Hard Stretch Limit Graph
Orange lines showing which edges have hard stretch limitation
Skinned Positions
Skinned positions of the physical mesh according to animation
Physical Vertex Bones
Shows the mapping between physical mesh vertices and the bones they skin to. White means a bone weight of 1.0, black a bone weight of 0.0
Vertex Velocities
Blue lines visualizing vertex velocities on the simulated mesh
All Implicit Tetrahedrons
Draws all implicit tetrahedrons for the entire physical mesh
Bad Implicit Tetrahedrons
Draws all tetrahedrons that have a graphical vertex mapped to them with barycentric coordinates outside the tetrahedrons.
Skin Implicit Tetrahedrons
Draws all tetrahedrons that are being used by the current mix of Mesh-Mesh Skinning and immediate skinning
Backstop Collision
Visualize a subset of the simulation mesh where Backstop collision will occur. Red is outside, blue is inside.
Backstop Umbrellas
Visualize a small segment of the Backstop sphere at the current vertex location.
Max Distance Outwards
Display a line along the vertex normal that represents the radius of the Max Distance sphere.
Max Distance Inwards
Display a line along the negative vertex normal that represents the radius of the Max Distance sphere.
Skeleton
Draw the subset of skeleton bones that are active in this APEX Asset (active bones are referenced by any of the meshes or have a collision volume)
Bone Frames
Draw the bone axis for each active bone
Bone Names
Draw the bone names for each active bone
Render Normals
Draw blue lines for each vertex displaying its computed normal.
Render Tangents
Draw red and green lines for each vertex displaying its computed tangent and bi-normal/bi-tangent.
Graphical Vertex Bones
The mapping from graphical vertices to bones. white line indicate a weight of 1, black lines a weight of 0.

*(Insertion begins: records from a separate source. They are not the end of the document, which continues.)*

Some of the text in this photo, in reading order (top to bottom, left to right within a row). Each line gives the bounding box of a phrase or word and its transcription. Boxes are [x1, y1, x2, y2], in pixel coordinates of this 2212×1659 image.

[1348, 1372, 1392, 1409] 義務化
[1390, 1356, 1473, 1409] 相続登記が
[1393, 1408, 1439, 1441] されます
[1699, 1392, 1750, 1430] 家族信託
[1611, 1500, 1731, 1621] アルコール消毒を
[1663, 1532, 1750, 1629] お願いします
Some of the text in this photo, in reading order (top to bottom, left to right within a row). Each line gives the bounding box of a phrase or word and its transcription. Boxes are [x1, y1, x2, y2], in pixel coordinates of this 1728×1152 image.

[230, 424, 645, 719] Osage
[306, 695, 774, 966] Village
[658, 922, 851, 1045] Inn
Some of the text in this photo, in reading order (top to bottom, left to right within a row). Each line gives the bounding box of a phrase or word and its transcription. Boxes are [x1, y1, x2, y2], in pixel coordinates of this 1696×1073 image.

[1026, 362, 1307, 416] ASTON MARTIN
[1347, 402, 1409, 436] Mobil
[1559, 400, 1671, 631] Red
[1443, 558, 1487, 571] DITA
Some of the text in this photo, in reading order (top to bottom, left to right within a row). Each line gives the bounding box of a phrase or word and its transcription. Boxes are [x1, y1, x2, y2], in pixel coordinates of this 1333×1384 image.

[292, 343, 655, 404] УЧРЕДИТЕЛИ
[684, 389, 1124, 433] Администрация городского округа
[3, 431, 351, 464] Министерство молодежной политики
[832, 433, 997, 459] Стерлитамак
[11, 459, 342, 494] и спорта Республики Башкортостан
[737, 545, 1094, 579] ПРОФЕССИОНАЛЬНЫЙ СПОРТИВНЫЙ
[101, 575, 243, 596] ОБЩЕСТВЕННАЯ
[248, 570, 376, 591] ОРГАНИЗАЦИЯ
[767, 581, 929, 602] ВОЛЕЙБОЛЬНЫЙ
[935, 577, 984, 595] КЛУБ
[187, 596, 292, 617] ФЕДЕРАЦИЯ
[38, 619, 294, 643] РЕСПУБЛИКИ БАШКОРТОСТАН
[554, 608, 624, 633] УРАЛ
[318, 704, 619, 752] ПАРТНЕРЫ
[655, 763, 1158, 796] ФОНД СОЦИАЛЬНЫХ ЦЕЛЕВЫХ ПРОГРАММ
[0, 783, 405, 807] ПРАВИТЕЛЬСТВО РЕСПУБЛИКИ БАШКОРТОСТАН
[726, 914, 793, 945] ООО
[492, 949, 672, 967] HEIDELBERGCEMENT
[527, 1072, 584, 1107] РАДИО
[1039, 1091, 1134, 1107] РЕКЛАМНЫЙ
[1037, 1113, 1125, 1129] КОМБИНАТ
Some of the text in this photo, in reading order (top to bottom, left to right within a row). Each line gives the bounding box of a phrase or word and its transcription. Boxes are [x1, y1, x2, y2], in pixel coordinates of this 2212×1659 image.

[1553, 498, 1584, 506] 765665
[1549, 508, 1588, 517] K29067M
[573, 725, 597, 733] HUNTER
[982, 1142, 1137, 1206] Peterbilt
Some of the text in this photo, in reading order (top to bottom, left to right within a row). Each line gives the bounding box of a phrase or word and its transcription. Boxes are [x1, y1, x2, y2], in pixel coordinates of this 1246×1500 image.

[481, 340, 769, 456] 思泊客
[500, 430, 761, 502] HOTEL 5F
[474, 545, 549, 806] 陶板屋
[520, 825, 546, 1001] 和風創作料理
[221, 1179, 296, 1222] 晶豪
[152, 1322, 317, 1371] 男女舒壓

Parallel PhysX Mesh Skinning
Skinning of the physics mesh will be done during simulation instead of before.
Note
This will cause one frame delay.
Parallel Mesh Mesh Skinning
Skinning of the graphical mesh according to simulation is done during the next time step.
Note
This will cause one frame delay.
Parallel CPU Skinning
All vertices with Max Distance 0.0 will be skinned regularly. This can and should be done during simulation already, so it should always be on.
Recompute Normals
Fully recompute the normals after all types of skinning have been done. This will replace the normals that were partly approximated or skinned with freshly computed ones. Some overhead but more quality.
Default
Use a shader with per-pixel lighting.
APEX Subdivision
[experimental] Subidive the output mesh. A geometry shader will subdivide each triangle into 4 triangles and compute normals for the 3 new vertices. This can remove some artifacts with lighting, but also add new artifacts.